Meanwhile, JPEG-XL has support behind a feature in every major browser except Safari[2]. As you and others have noted, there seems to be a lot of buzz and excitement around JPEG-XL throughout the ecosystem. The webkit folks seem to be making an effort to get the ball rolling[3]. I might be misinterpreting something but it all looks very encouraging at any rate. It almost seems like it might gain wide support in Firefox and Chromium (Chrome & Edge) around the same time with Webkit following (hopefully) closely thereafter. Heck, I don't see why Webkit doesn't just abandon AVIF and focus on rolling out JPEG-XL.
I think you might have that backwards. JPEG can be losslessly converted to JPEG XL with better compression (~20% smaller), but I haven't seen anything about going the other direction. I'm not sure how it would be possible with JPEG XL's different sized blocks and different available transforms. https://en.wikipedia.org/wiki/JPEG_XL
The JPEG -> JXL conversion is reversible, so you can encode JPEG -> convert JXL -> convert back to JPEG as needed. You could potentially encode a JPEG-XL directly with the subset that can be converted back to JPEG, but it's not clear to me if libjxl currently implements that.
Either way, it's not that useful for anyone that's already deploying post-JPEG formats; even WebP should save more than 20%. Mostly it's useful for CDNs and SaaS companies like Cloudinary to transparently deploy JPEG-XL for JPEG-only customers.
Do you mean that you would want that to happen on the web server, if they detect a user-agent that doesn't support JXL, they would convert back to JPEG? That seems pointlessly costly in CPU.
Also like mkl said, there doesn't seem to be any evidence that JXL->JPEG can be done losslessly.
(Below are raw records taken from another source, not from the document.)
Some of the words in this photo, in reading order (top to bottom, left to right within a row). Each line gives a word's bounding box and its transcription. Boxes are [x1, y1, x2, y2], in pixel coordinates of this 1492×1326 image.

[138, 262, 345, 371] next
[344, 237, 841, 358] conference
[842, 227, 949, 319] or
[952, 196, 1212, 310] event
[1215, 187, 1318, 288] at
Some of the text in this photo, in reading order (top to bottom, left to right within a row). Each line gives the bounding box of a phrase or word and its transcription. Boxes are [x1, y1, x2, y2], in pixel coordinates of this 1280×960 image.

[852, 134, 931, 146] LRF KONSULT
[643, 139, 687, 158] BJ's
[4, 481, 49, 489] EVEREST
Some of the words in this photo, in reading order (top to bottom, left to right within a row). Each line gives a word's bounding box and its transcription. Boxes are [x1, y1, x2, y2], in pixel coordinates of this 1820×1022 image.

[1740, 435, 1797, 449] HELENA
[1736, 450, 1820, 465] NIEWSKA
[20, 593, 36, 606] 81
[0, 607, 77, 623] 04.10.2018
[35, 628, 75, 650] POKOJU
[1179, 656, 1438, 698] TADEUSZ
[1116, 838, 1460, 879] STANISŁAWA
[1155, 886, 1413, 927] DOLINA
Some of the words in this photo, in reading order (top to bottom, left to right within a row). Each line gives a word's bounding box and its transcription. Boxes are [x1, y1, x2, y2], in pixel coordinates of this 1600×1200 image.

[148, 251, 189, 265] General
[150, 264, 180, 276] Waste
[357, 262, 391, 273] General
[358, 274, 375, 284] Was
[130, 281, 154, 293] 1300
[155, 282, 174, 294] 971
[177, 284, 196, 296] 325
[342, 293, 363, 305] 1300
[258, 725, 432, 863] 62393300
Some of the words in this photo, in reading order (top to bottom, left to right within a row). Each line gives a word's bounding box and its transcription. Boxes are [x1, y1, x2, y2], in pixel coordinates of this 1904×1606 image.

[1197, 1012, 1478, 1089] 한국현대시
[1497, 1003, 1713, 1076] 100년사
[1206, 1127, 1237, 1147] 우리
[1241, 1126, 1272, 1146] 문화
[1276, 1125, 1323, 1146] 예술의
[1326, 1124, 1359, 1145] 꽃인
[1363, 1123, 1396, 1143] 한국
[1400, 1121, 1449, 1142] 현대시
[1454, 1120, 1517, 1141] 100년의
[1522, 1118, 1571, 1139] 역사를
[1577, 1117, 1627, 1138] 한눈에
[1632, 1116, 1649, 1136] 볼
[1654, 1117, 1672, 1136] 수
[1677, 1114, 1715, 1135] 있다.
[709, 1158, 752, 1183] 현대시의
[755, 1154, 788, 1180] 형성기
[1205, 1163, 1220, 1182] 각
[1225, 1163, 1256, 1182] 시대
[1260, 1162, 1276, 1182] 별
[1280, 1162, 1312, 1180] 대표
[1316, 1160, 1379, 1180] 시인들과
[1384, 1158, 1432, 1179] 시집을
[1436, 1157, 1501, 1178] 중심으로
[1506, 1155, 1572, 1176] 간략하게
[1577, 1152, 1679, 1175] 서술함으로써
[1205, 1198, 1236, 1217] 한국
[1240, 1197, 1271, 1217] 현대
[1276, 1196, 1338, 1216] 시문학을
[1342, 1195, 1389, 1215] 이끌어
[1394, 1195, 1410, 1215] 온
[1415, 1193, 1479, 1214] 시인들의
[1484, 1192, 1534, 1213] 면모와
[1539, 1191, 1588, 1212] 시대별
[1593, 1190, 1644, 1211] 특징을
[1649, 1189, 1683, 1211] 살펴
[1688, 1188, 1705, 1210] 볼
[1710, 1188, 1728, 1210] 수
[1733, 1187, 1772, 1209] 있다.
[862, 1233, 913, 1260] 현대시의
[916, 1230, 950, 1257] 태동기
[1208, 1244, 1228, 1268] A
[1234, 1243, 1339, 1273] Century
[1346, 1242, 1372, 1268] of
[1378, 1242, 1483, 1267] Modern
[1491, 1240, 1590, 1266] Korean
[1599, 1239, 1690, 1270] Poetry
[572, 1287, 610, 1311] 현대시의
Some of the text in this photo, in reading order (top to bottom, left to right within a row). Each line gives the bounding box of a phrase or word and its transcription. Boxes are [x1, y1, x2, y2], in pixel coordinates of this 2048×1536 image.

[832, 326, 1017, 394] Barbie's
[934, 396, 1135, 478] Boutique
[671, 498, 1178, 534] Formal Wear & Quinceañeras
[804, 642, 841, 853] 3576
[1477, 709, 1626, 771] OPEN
I actually meant to say Capture One and Photoshop. I know this is HN and we're gung-ho about open source but the last time I tried Darktable it didn't hold a candle to Capture One. To be fair that was a few years ago, but the color work put in to Capture One doesn't really have an equal IMO.
not sure when you used it but you should try it again now... i have been on Lightroom and Capture One for years, tried DT last year and never bothered coming back to them, nothing to do with it being open source its just straight up a better raw editor, yes its hard to learn but once you figure it out you will see how much better it handles editing raw images, especially with the filmic module
It has poor support for input formats though. E.g. it still doesn't support CR3. I prefer RawTherapee which supports CR3, doesn't look like a space station and still is miles ahead of Lightroom in terms of capability.
JPEG2000 is a good option for lossless compression. JPEG XL seems to offer better result and improvements now, but it isn't yet mainstream and has competition.
I use the J2K photoshop plug-in - https://www.fnordware.com/j2k/ . And even macOS Preview supports JPEG2000 (HEIF on macOS on the other hand is not suitable for professional graphic works; doesn't work with CMYK).
A jpeg pixel is 64 (=8 x 8), 8 bit coefficients which are summed together for each pixel. That result is not 8 bits, but more; that is a misunderstanding, often repeated. A jpeg is capable of over 11 bits dynamic range. You can figure out that an 11 bit dynamic range image has more than 8 bits. See the wikipedia.
A jpeg pixel is not 64 eight-bit coefficients. Jpeg compresses an 8x8 pixel block at a time by taking a DCT (which mathematically is lossless, but in practice is not due to rounding and quantization at this stage), which turns those original 8x8 values into another set of 8x8 values, then some of these are thrown away and/or quantized for lossy compression.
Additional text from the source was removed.